The objective of this program is to bring care closer to home, closer in time and closer to meeting individual expectations as expressed by consumers themselves.
Within the current system, when an older person or individual living with a chronic disease has a decline in function or becomes unwell, often their only option is to go to hospital despite their preference to receive care closer to home.
This model of “Your Care Closer” is built upon previous collaborative work across the local health sector, including the development of a five-year regional healthcare plan for older people and most recently the Health Alliance’s “Ageing Well Initiative”.
It incorporates rapidly developing and embedding initiatives designed to enable care to be provided closer to or in a person’s home, that seek to reduce demand on Hospital and Health Service (HHS) facilities.
This project brings primary and secondary care providers closer together by bringing them onto the same team, funded by the same employer, with access to the same services for patients whether the patient is in a Metro North Health facility, in a private general practice or in the patient’s usual residence.

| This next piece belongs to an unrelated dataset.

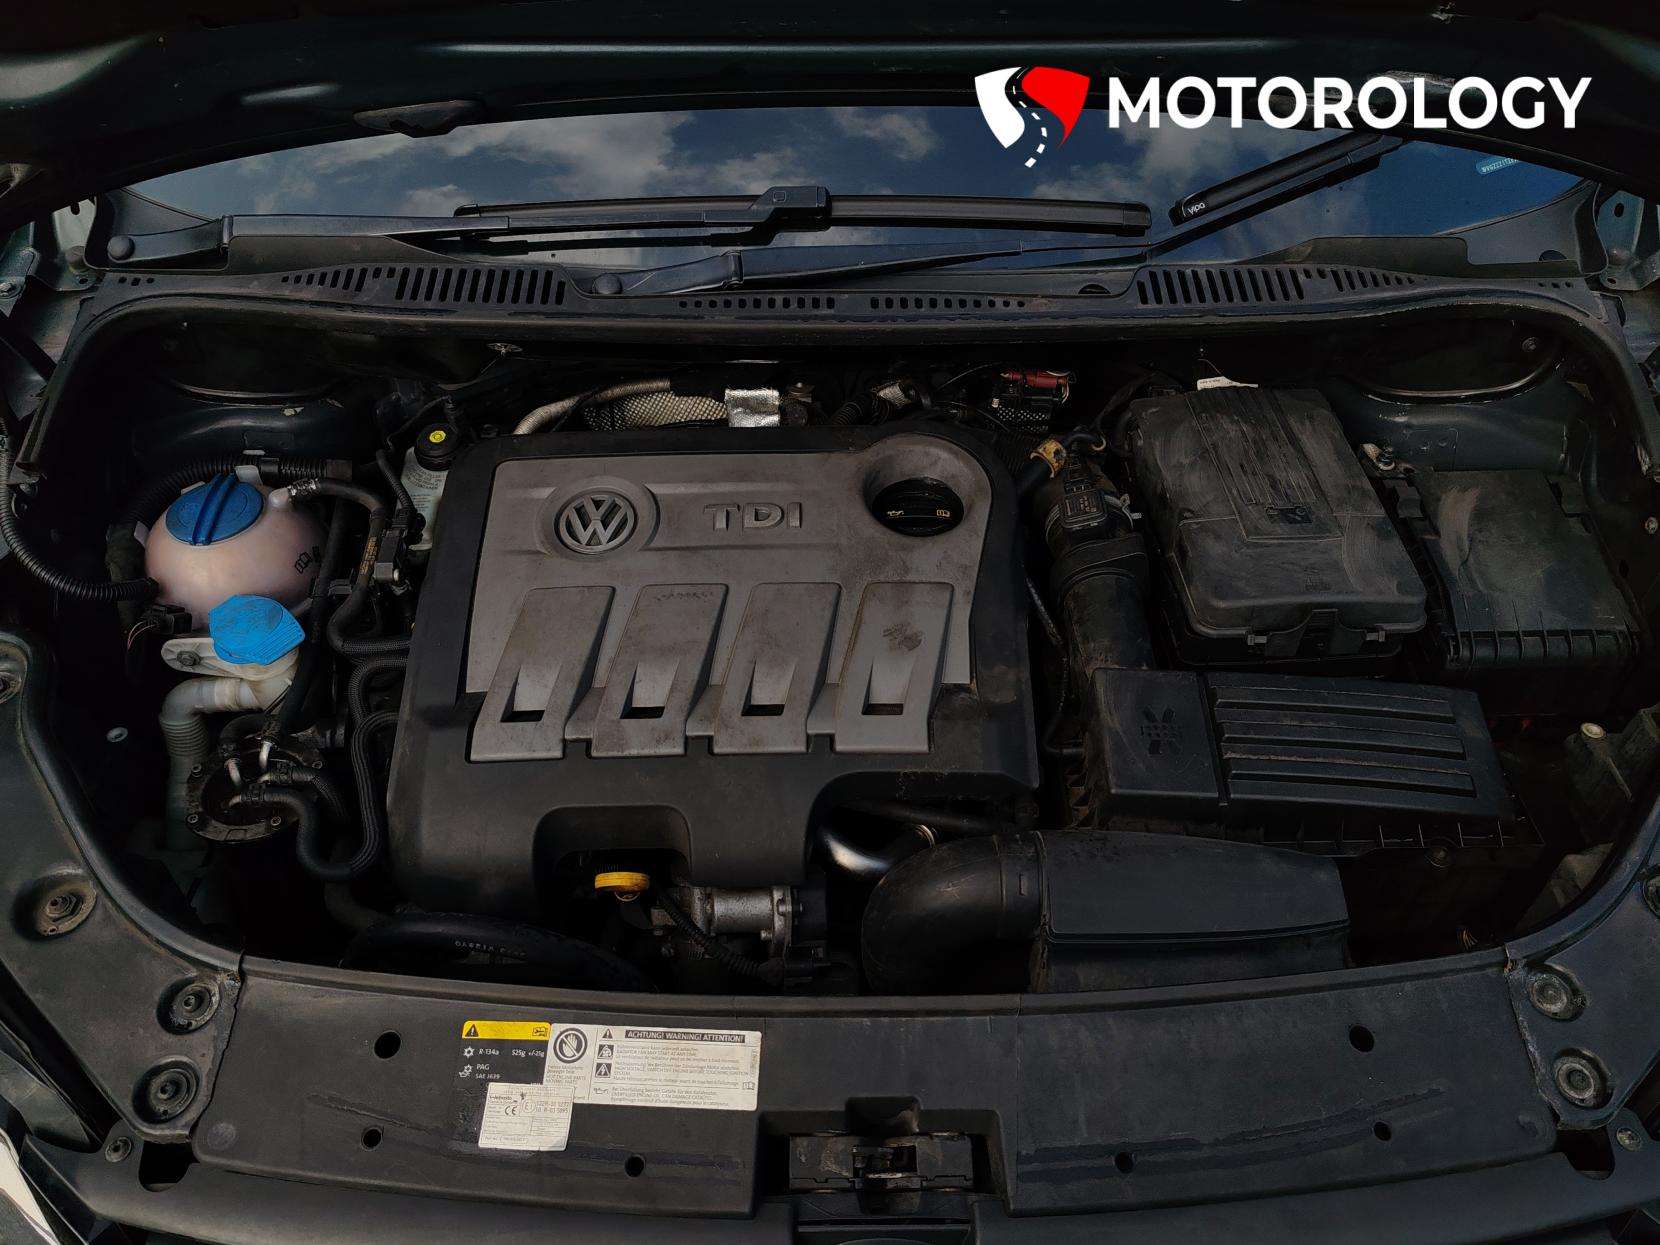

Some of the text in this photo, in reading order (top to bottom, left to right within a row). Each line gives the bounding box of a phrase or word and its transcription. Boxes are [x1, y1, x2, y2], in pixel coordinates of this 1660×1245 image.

It is conceivable that this initiative, if embraced at scale, could delay or even avoid the need for future investment in high-cost facility-based care infrastructure.
These initiatives build on fundamental shifts that have occurred in Australian society as a result of COVID-19.
Aboriginal and Torres Strait Islander Hospital in the Home (pilot)
Through extensive consultation and co-design as part of Your Care Closer, we have worked with our stakeholders to put together the, "Integrated Hospital in the Home - A Shared Care Model for Hospital in the Home for Aboriginal and Torres Strait Islander People in Brisbane North".
- better health outcomes and experience for Aboriginal and Torres Strait Islander patients.
- to improve access to culturally responsive care, closer to home.
- create service capacity by reduced preventable presentations to hospitals, re-admissions to acute hospitals, reduced discharge against medical advice, increased HITH utilisation and fast tracked access to HITH for eligible patients.
- to build on, not duplicated, the existing Metro North HITH Model of Care and Clinical Pathways, and complemented other strategies to improve Aboriginal and Torres Strait Islander HITH in Brisbane North.
- contractual partnership between Metro North and a Community Controlled Health Service, brokered via the Health Alliance and Brisbane North PHN, to trial a shared care model of HITH.
- the Alliance has contracted the Institute for Urban Indigenous Health (IUIH) to conduct and deliver the HITH pilot for eligible Aboriginal and Torres Strait Islander clients in the region.
- across Metro North and Brisbane North catchment.
- a GP from IUIH will work with acute HITH teams in Metro North to provide medical care in a patient's home and/or IUIH's primary care settings.
- cultural support may be provided from IUIH Community Liaison Officers and IUIH Connect.
- multiple pathways of entry through ED, Virtual ED, MN wards/service and direct referrals from IUIH GPs.
- six month proof of concept commencing Dec 2021.
- an evaluation completed by the University of Queenslands Poche centre for Indigenous Health and Evaluation Working Group will capture the outcomes at the end of this trial period.